Scooter: Yamaha und Gogoro arbeiten an Elektrorollern mit Tauschakkus
Die Unternehmen Yamaha und Gogoro(öffnet im neuen Fenster) wollen gemeinsam einen Elektroroller(öffnet im neuen Fenster) bauen, der an Wechselakkustationen mit frisch geladenen Stromspeichern ausgestattet werden kann. Der Nutzer spart sich so das zeitintensive Laden. Gogoro betreibt in Taiwan bereits 750 solcher Stationen für seine eigenen Roller. Das neue Modell soll von Yamaha entworfen werden und auf die Technik von Gogoro zurückgreifen. Das Marketing soll weitgehend von Yamaha übernommen werden.
Die Akkuwechselstationen von Gogoro sind von Rollerfahrern selbst bedienbar. Der Fahrer kann an eine Station fahren, dort einen neuen Akku entnehmen und seinen vorhandenen Stromspeicher austauschen. In die Roller passen maximal zwei Akkus, was die Reichweite erhöht. In Berlin fahren Gogoro-Elektroroller im Rahmen des Freefloat-Leihsystems Coup herum. Intern nutzt der Anbieter auch in Berlin die Ladestationen für die Akkus, sie sind jedoch nicht öffentlich erreichbar.
In den vergangenen drei Jahren wurden nach Angaben des 2015 gegründeten Unternehmens rund 17 Millionen Akkuwechsel an den Gogoro-Stationen durchgeführt. Diese gibt es bisher nur in Taiwan. Die neue Partnerschaft soll auch der Expansion dienen.

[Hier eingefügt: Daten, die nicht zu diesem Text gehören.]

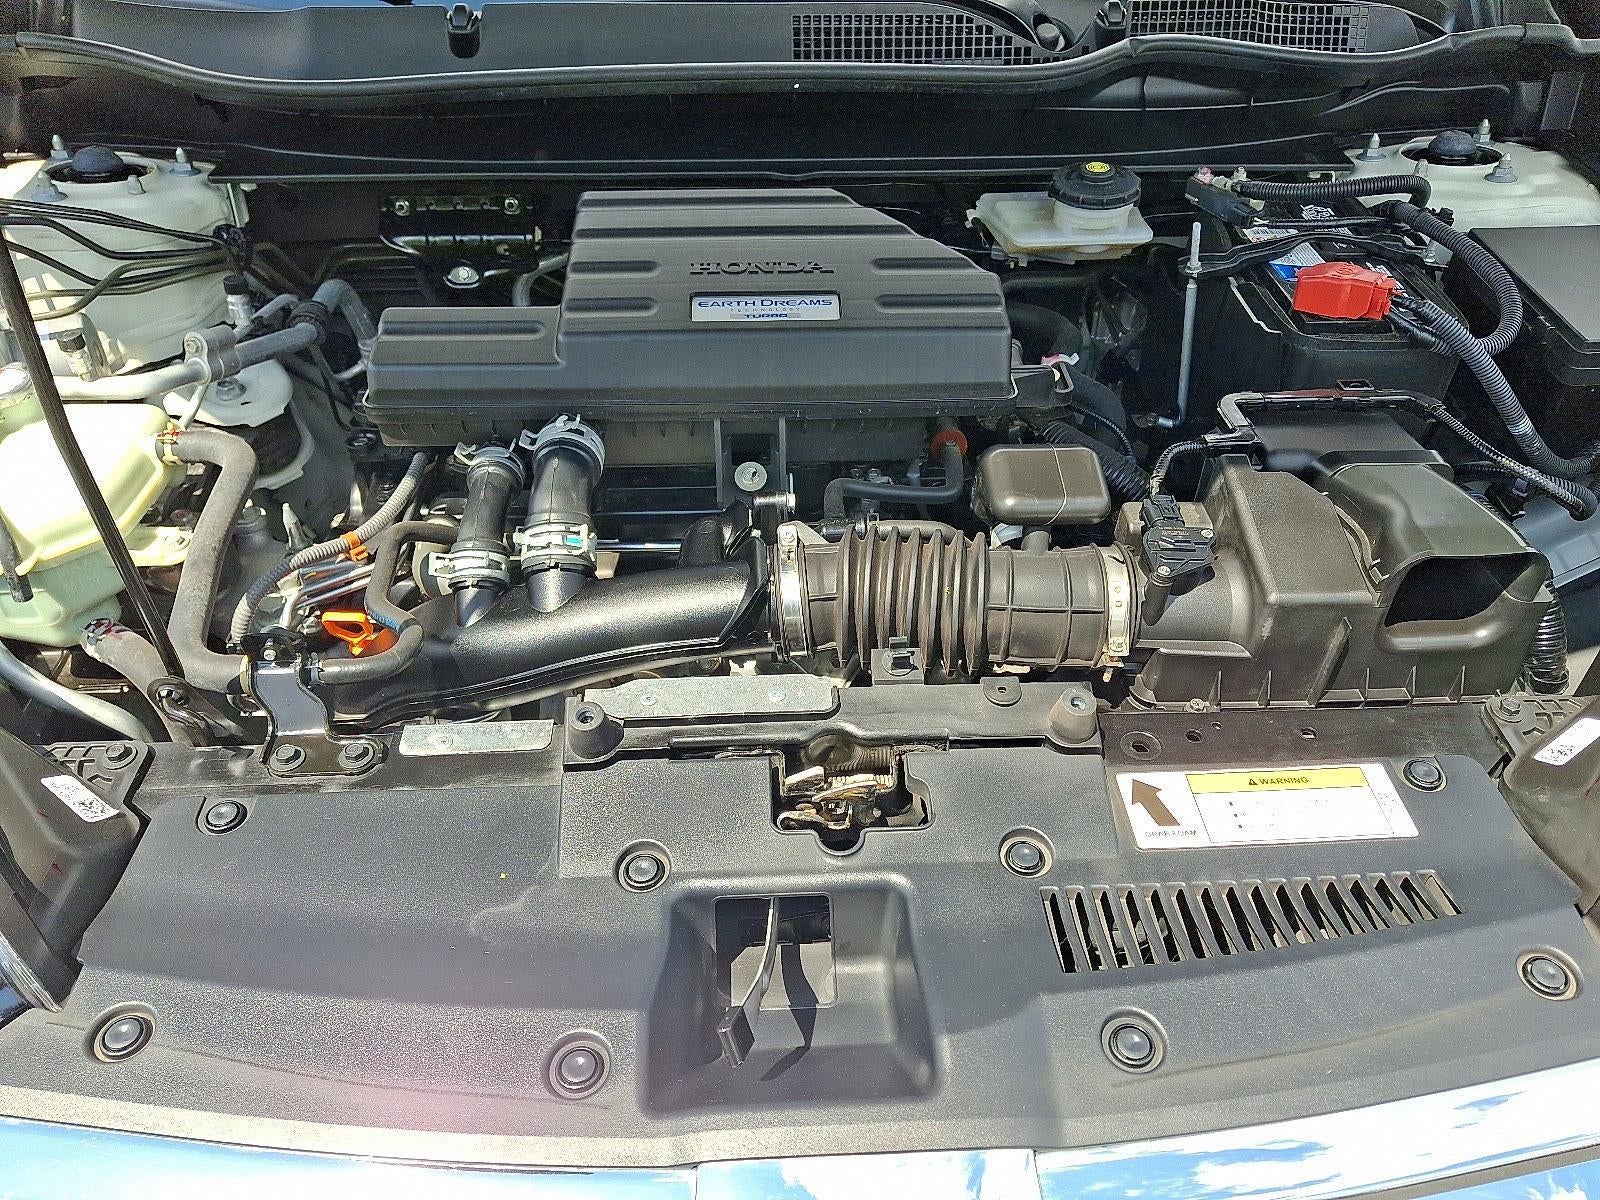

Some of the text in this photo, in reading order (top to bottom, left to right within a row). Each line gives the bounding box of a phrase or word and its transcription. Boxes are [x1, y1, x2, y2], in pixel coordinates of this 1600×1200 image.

[690, 261, 835, 275] HONDA
[697, 299, 833, 308] EARTH DREAMS
[1258, 776, 1309, 786] WARNING

Auch Taiwans größte Motorrad- und Rollerfirma KYMCO will Elektroroller, ein Netz von Akkuwechselstationen sowie einen neuen Standard für universell einsetzbare und austauschbare Akkus entwickeln. Das Unternehmen präsentierte im Juni 2018 seine ersten beiden Elektroroller: Der Ionex New Many 110 EV und der Ionex Nice 100 EV sind schon mit Wechselakkus ausgerüstet. Die Systeme von KYMCO und Gogoro sind inkompatibel zueinander.